[Start of Attachment]

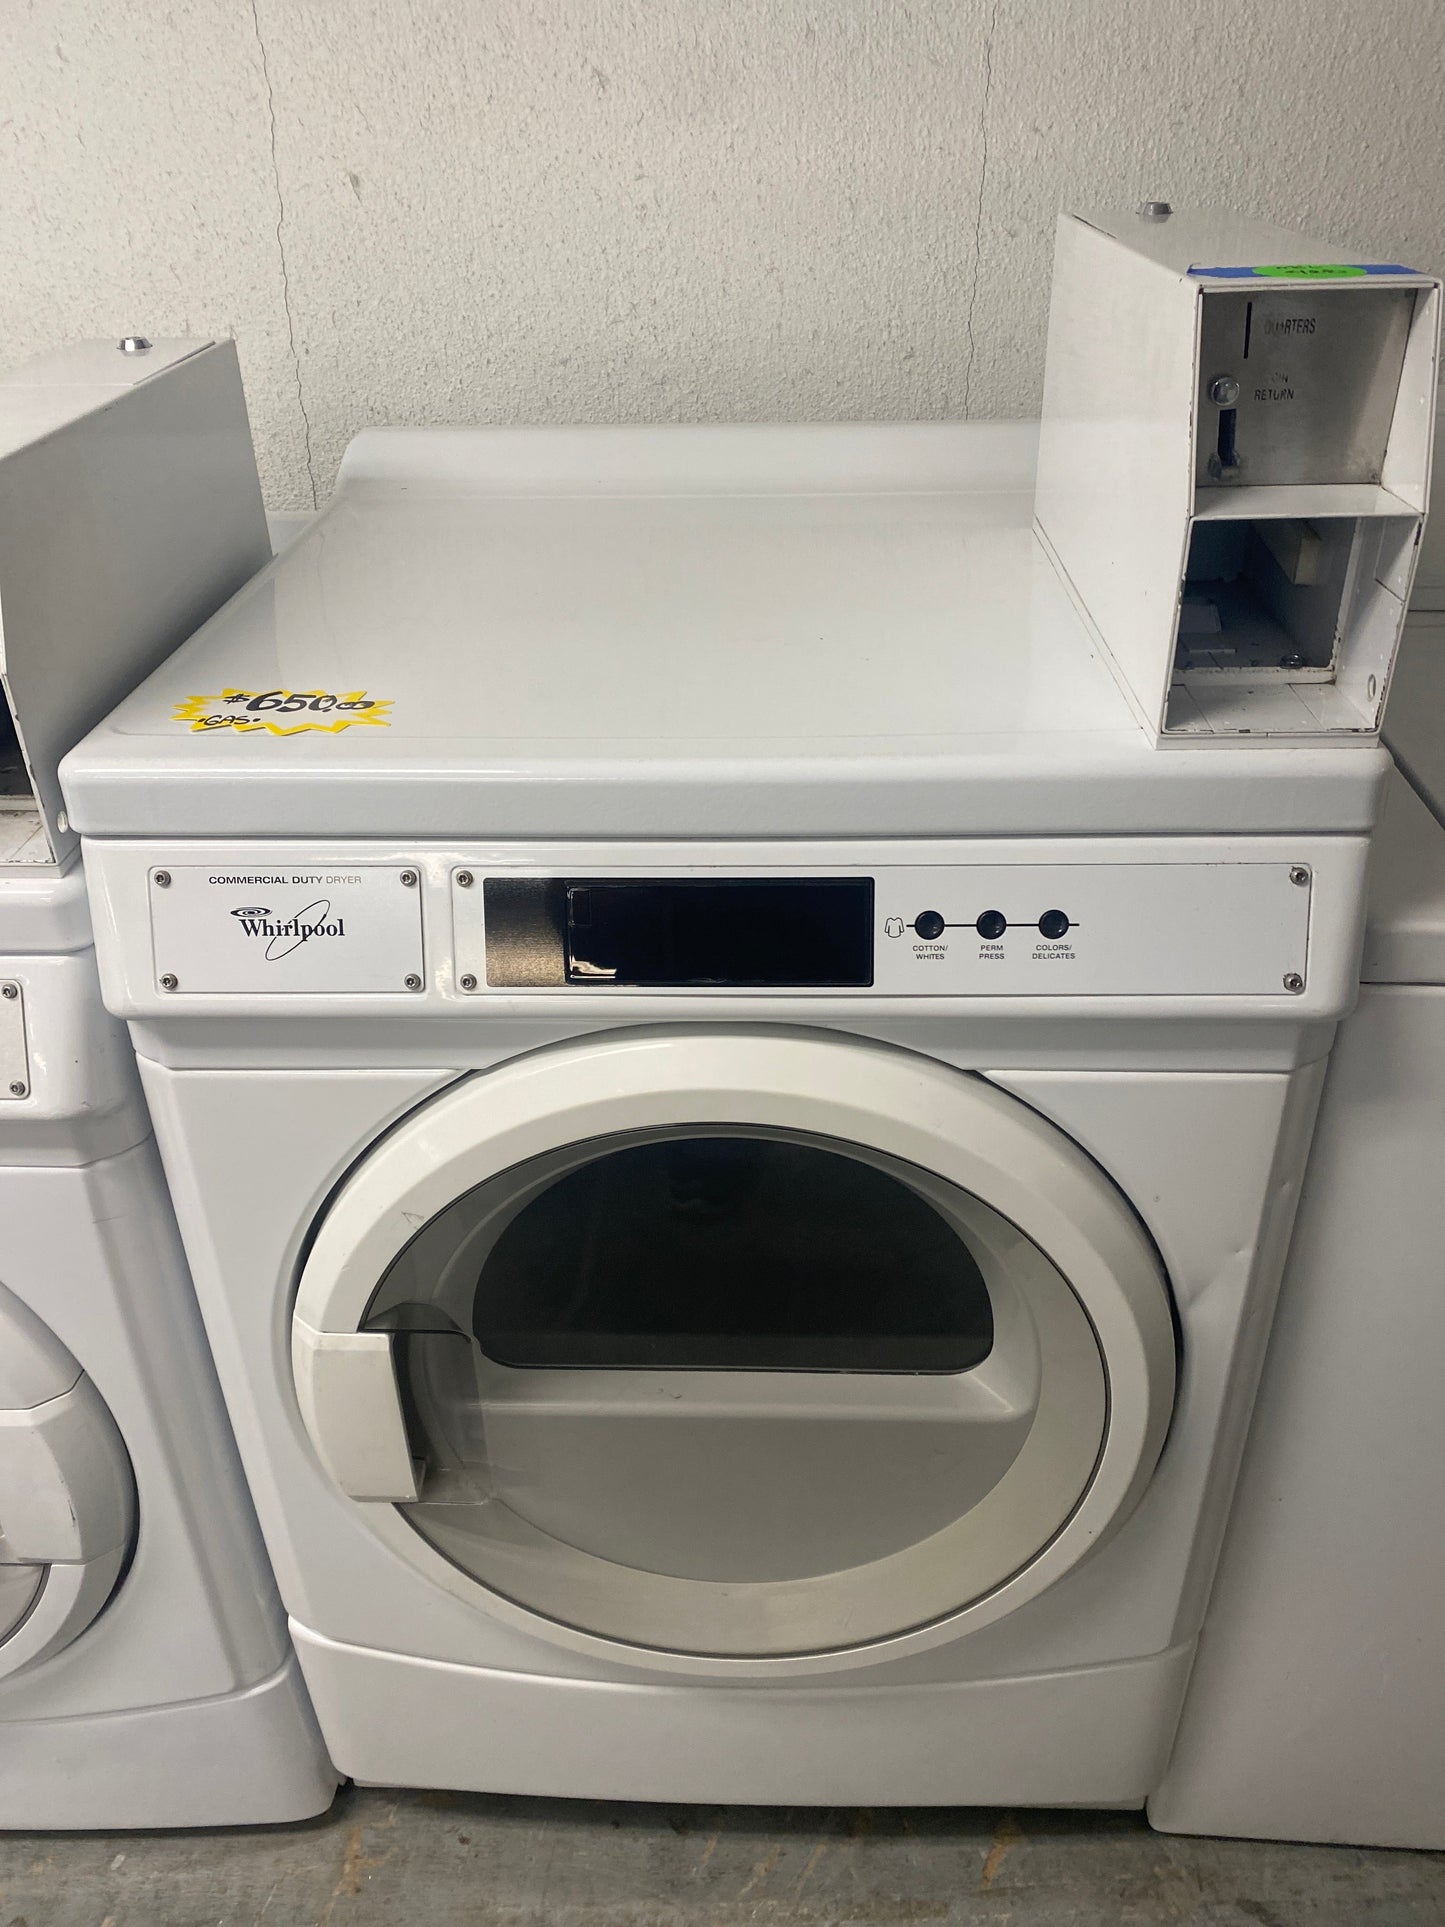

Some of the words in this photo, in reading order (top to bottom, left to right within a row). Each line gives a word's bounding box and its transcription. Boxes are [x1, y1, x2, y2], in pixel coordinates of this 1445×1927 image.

[1264, 318, 1317, 335] RTERS
[1253, 388, 1295, 401] RETURN
[208, 876, 289, 885] COMMERCIAL
[291, 876, 324, 885] DUTY
[325, 875, 362, 885] DRYER
[238, 918, 346, 942] Whirlpool
[980, 944, 1004, 952] PERM
[1035, 944, 1073, 952] COLORS/
[978, 952, 1005, 960] PRESS
[1031, 952, 1076, 960] DELICATES

[End of Attachment]

Leave out the pictures and copy everything else in the records word for word.

Some of the words in this photo, in reading order (top to bottom, left to right within a row). Each line gives a word's bounding box and its transcription. Boxes are [x1, y1, x2, y2], in pixel coordinates of this 1445×1927 image.

[1264, 318, 1317, 335] RTERS
[1253, 388, 1295, 401] RETURN
[208, 876, 289, 885] COMMERCIAL
[291, 876, 324, 885] DUTY
[325, 875, 362, 885] DRYER
[238, 918, 346, 942] Whirlpool
[980, 944, 1004, 952] PERM
[1035, 944, 1073, 952] COLORS/
[978, 952, 1005, 960] PRESS
[1031, 952, 1076, 960] DELICATES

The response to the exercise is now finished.